◆ **What you will do**
Print the entries below again exactly as they stand, but skip any picture.
****************
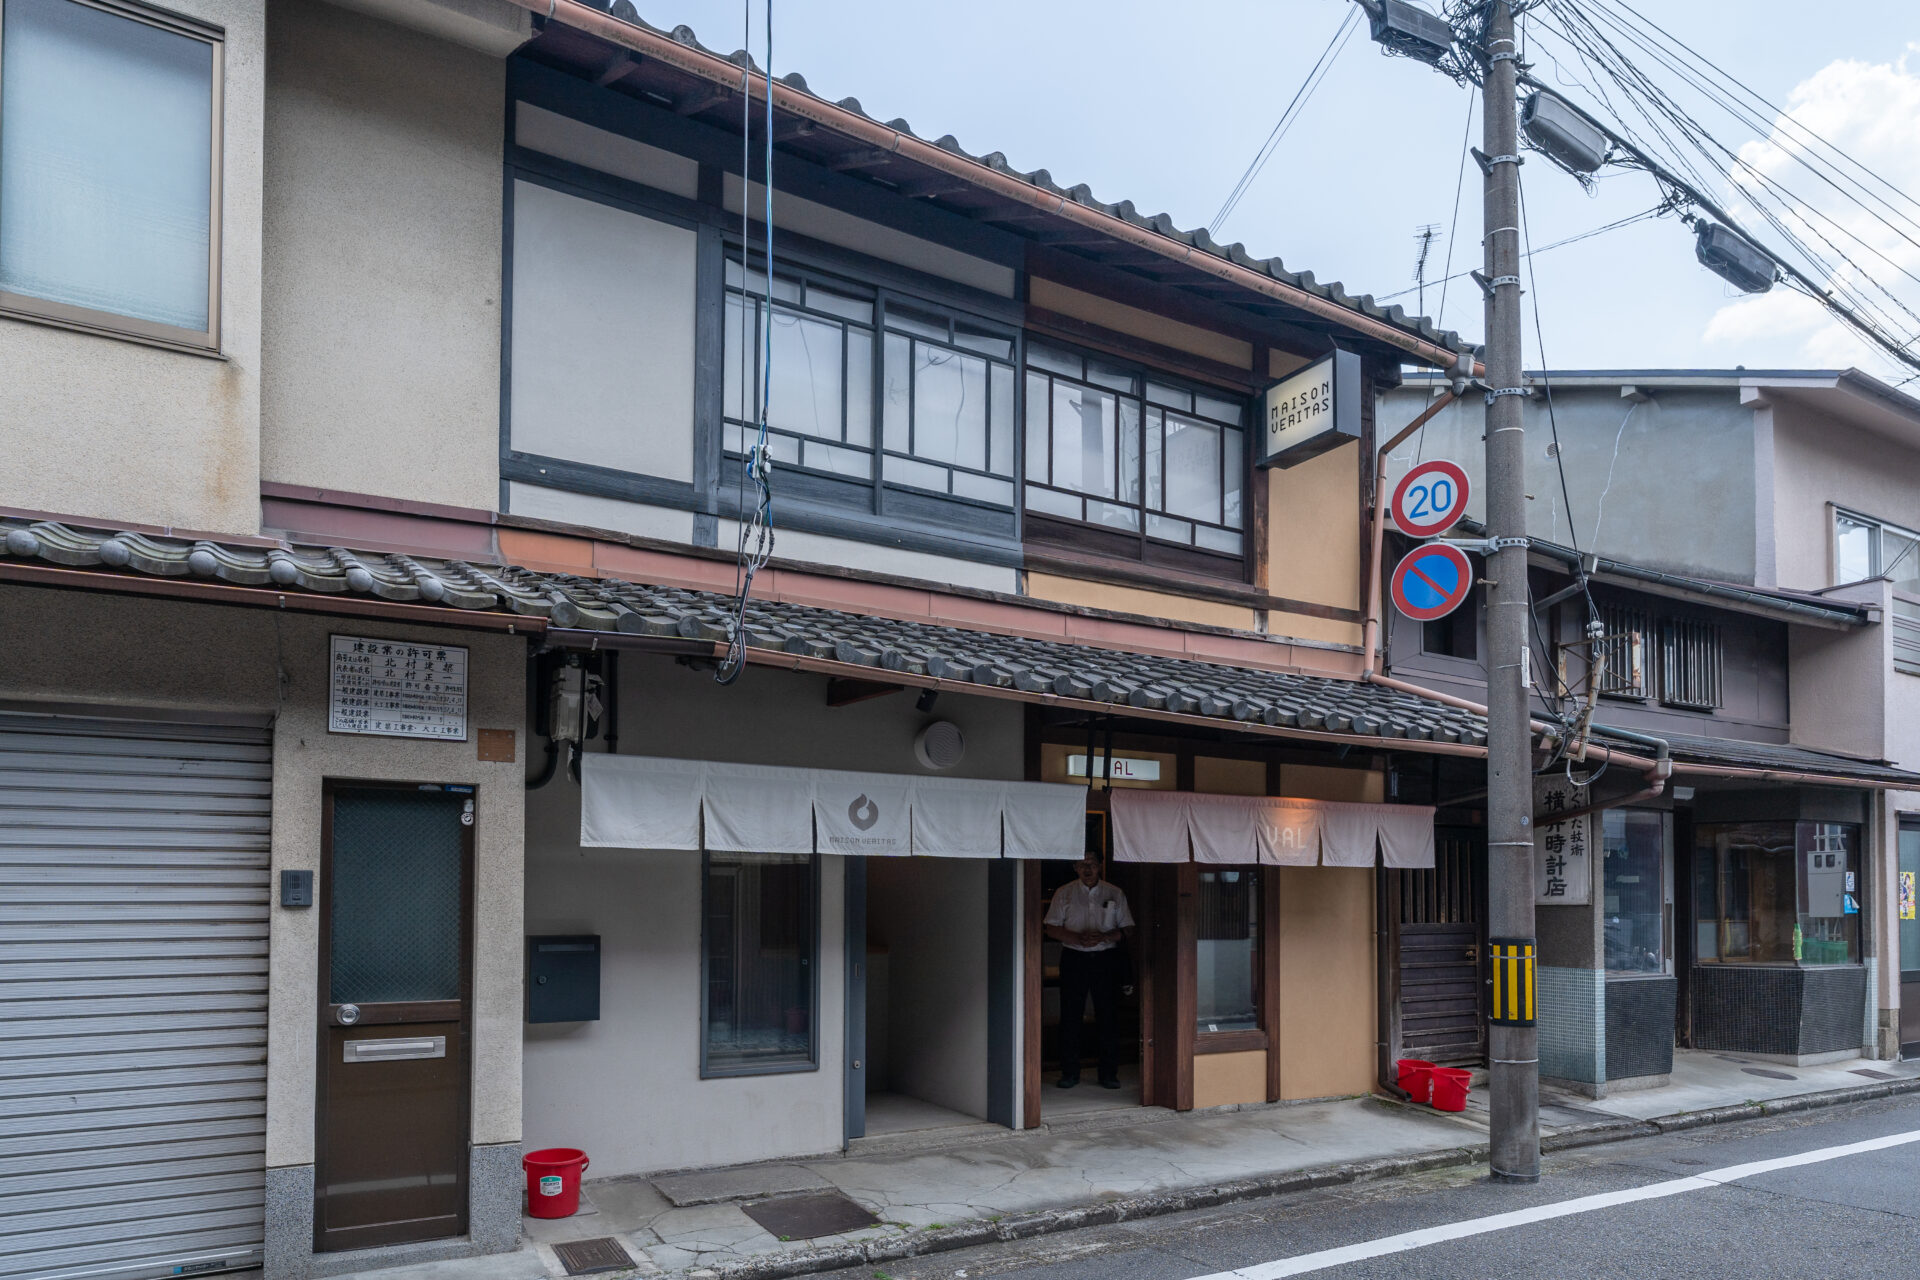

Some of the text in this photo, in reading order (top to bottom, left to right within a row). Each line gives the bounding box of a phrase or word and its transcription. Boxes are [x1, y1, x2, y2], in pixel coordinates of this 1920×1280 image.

[1271, 380, 1329, 420] MAISON
[1271, 398, 1329, 434] VERITAS
[1409, 480, 1451, 519] 20
[353, 642, 447, 661] 建設業の許可票
[385, 658, 453, 673] 北村建築
[385, 669, 453, 682] 北村正一
[1114, 760, 1133, 776] AL
[1266, 825, 1306, 849] VAL
****************
◆ **Solution**
Some of the text in this photo, in reading order (top to bottom, left to right within a row). Each line gives the bounding box of a phrase or word and its transcription. Boxes are [x1, y1, x2, y2], in pixel coordinates of this 1920×1280 image.

[1271, 380, 1329, 420] MAISON
[1271, 398, 1329, 434] VERITAS
[1409, 480, 1451, 519] 20
[353, 642, 447, 661] 建設業の許可票
[385, 658, 453, 673] 北村建築
[385, 669, 453, 682] 北村正一
[1114, 760, 1133, 776] AL
[1266, 825, 1306, 849] VAL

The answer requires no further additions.